La condanna definitiva di Paolo Bellini segna un punto fermo sull’attentato perché oltre alla responsabilità dei neofascisti la Cassazione ha confermato anche l’identità dei mandanti e la strategia che ha ispirato la bomba alla stazione
di Aldo Balzanelli, condirettore cB
Chissà se dopo la sentenza che rende definitiva la condanna del neofascista Paolo Bellini i tanti “dubbiosi” sulla matrice della strage del 2 agosto 1980, a destra e qualcuno persino a sinistra, si rassegneranno e smetteranno di riproporre piste tanto alternative quanto infondate. E chissà se qualcuno al governo deciderà di fare finalmente i conti con un passato troppo spesso rimosso.

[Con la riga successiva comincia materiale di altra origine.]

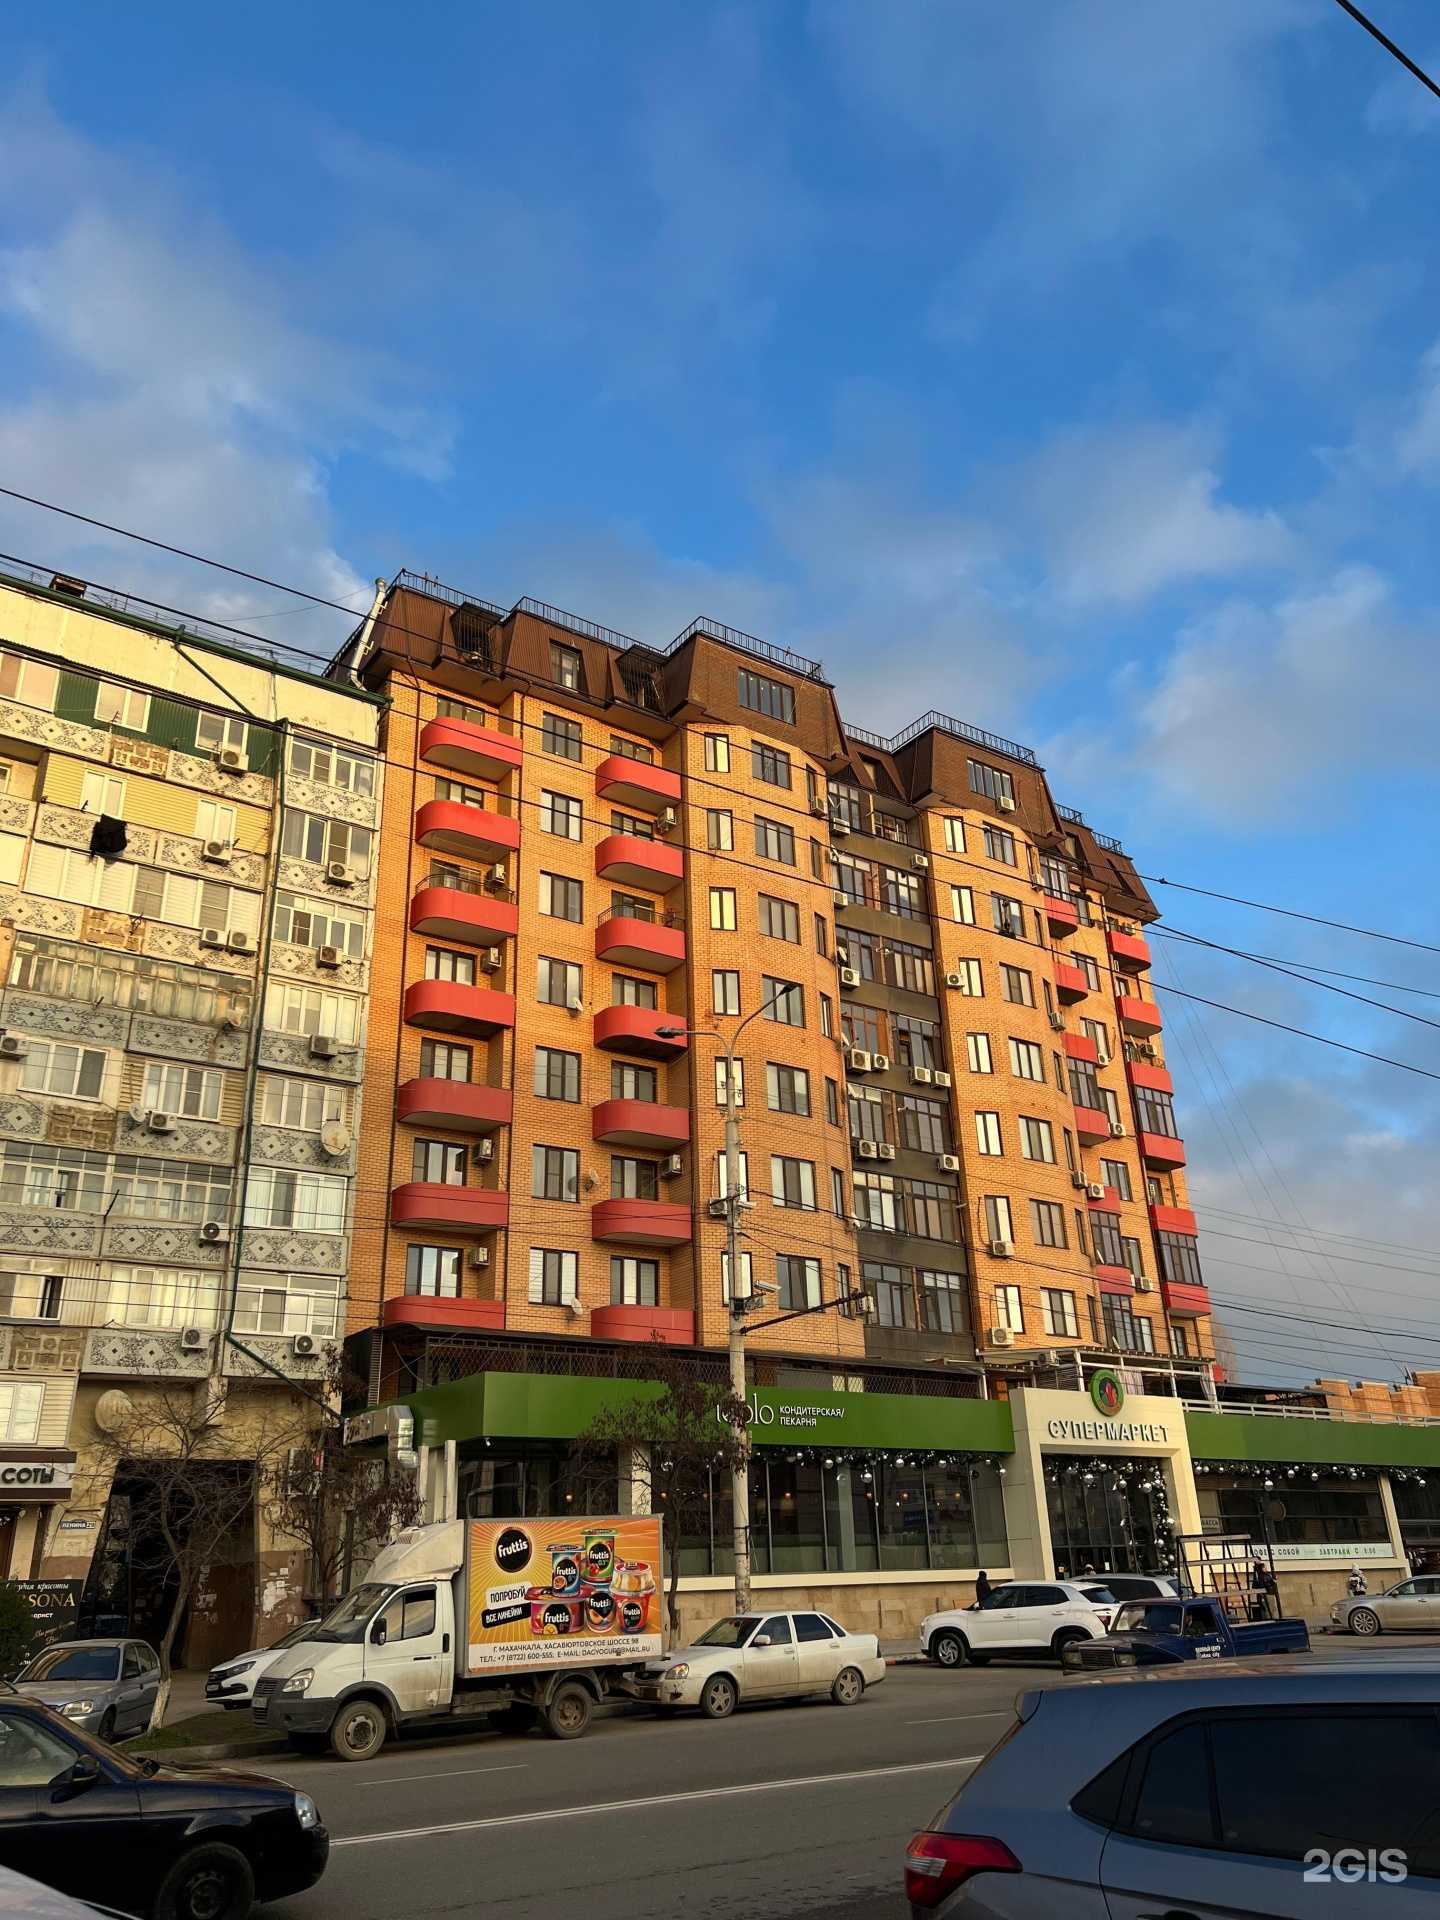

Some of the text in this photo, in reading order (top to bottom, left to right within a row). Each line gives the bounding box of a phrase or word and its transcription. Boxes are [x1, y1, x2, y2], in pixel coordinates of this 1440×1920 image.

Già, perché è difficile a questo punto sostenere che la verità che è emersa sul più grave attentato terroristico del dopoguerra sia figlia di “giudici comunisti” prigionieri di un teorema. Quella su Bellini è l’ultima di quattro sentenze definitive. Per chi non è addentro ai meccanismi della giustizia significa che il presunto “teorema” sulla strage fascista, ispirata dalla Loggia P2 e coperta dai servizi segreti è passato al vaglio di decine di magistrati. Quattro corti in primo grado, quattro in appello, quattro in Cassazione. La prima volta per riconoscere la responsabilità dei neofascisti Giusva Fioravanti e Francesca Mambro e il ruolo depistante di Licio Gelli e dei vertici del Sismi, il servizio segreto militare. Poi la partecipazione all’attentato del loro camerata Luigi Ciavardini, e subito dopo quella di un altro esponente dei Nar Gilberto Cavallini.
Ieri si aggiunto un nuovo tassello importantissimo, che va ben al di là del riconoscimento, pur importante, della responsabilità di Bellini. Perché nella sentenza d’appello confermata dalla Cassazione c’è l’indicazione precisa dei mandanti della strage. Il capo della Loggia P2 Licio Gelli, insieme al banchiere Umberto Ortolani, il capo dei servizi segreti Federico Umberto D’Amato e un giornalista di razza e parlamentare della destra, Mario Tedeschi. Come mai per costoro non c’è condanna? Perché nel frattempo sono morti, ma la loro responsabilità è certificata con argomentazioni inoppugnabili dai giudici d’appello.
Sugli autori e sulla matrice della strage del 2 agosto insomma, sia pure a distanza di decenni, si è riusciti a definire un quadro sufficientemente preciso, anche se è probabile che manchino all’appello altri membri del commando che preparò e portò a termine l’attentato. E se si è potuti arrivare a questo punto è soprattutto grazie alla tenacia dei familiari delle vittime, che anche nei momenti più bui (e in questi anni ci sono stati) non hanno mai smesso di lottare per arrivare alla verità. Familiari che hanno potuto contare sul sostegno delle istituzioni locali, dei loro legali e più recentemente sulla Procura generale che non si è rassegnata a considerare chiusa la vicenda, arrivando a individuare i mandanti della strage, con un atteggiamento decisamente diverso, occorre dirlo, da quello rinunciatario della Procura della Repubblica.
Il nome di Bellini dunque si aggiunge a quello degli altri neofascisti considerati gli esecutori dell’attentato. Considerando il personaggio, killer del militante di Lotta Continua Alceste Campanile, pluriomicida per la ‘Ndrangheta, oscuri legami con i servizi segreti, sarà interessante vedere come reagirà alla condanna all’ergastolo. Potrebbe decidere di vuotare il sacco, anche se la sua attendibilità è decisamente discutibile. Tra le altre cose non è un dettaglio ricordare che il giorno successivo al 2 agosto 1980 l’allora Procuratore della Repubblica Ugo Sisti invece di stare nel suo ufficio a coordinare le indagini, si trovava a casa del padre di Bellini, anche lui notoriamente di estrema destra. E qualche anno dopo lo stesso Sisti viaggiava su un aereo privato pilotato da chi? Proprio da Paolo Bellini, che essendo latitante si faceva chiamare Roberto Da Silva. E qualcuno ancora si chiede come mai ci sono voluti 45 anni per individuare i responsabili della strage?
P.S. Un in bocca al lupo da Cantiere Bologna a Paolo Lambertini, che dal prossimo 2 agosto sarà il nuovo presidente dell’associazione tra i famigliari delle vittime. È un cambio della guardia naturale, Lambertini è ora vicepresidente, e affianca da sempre Paolo Bolognesi che per molti anni, dopo Torquato Secci, si è battuto senza risparmiarsi per ottenere verità e giustizia, un impegno al quale sicuramente non rinuncerà.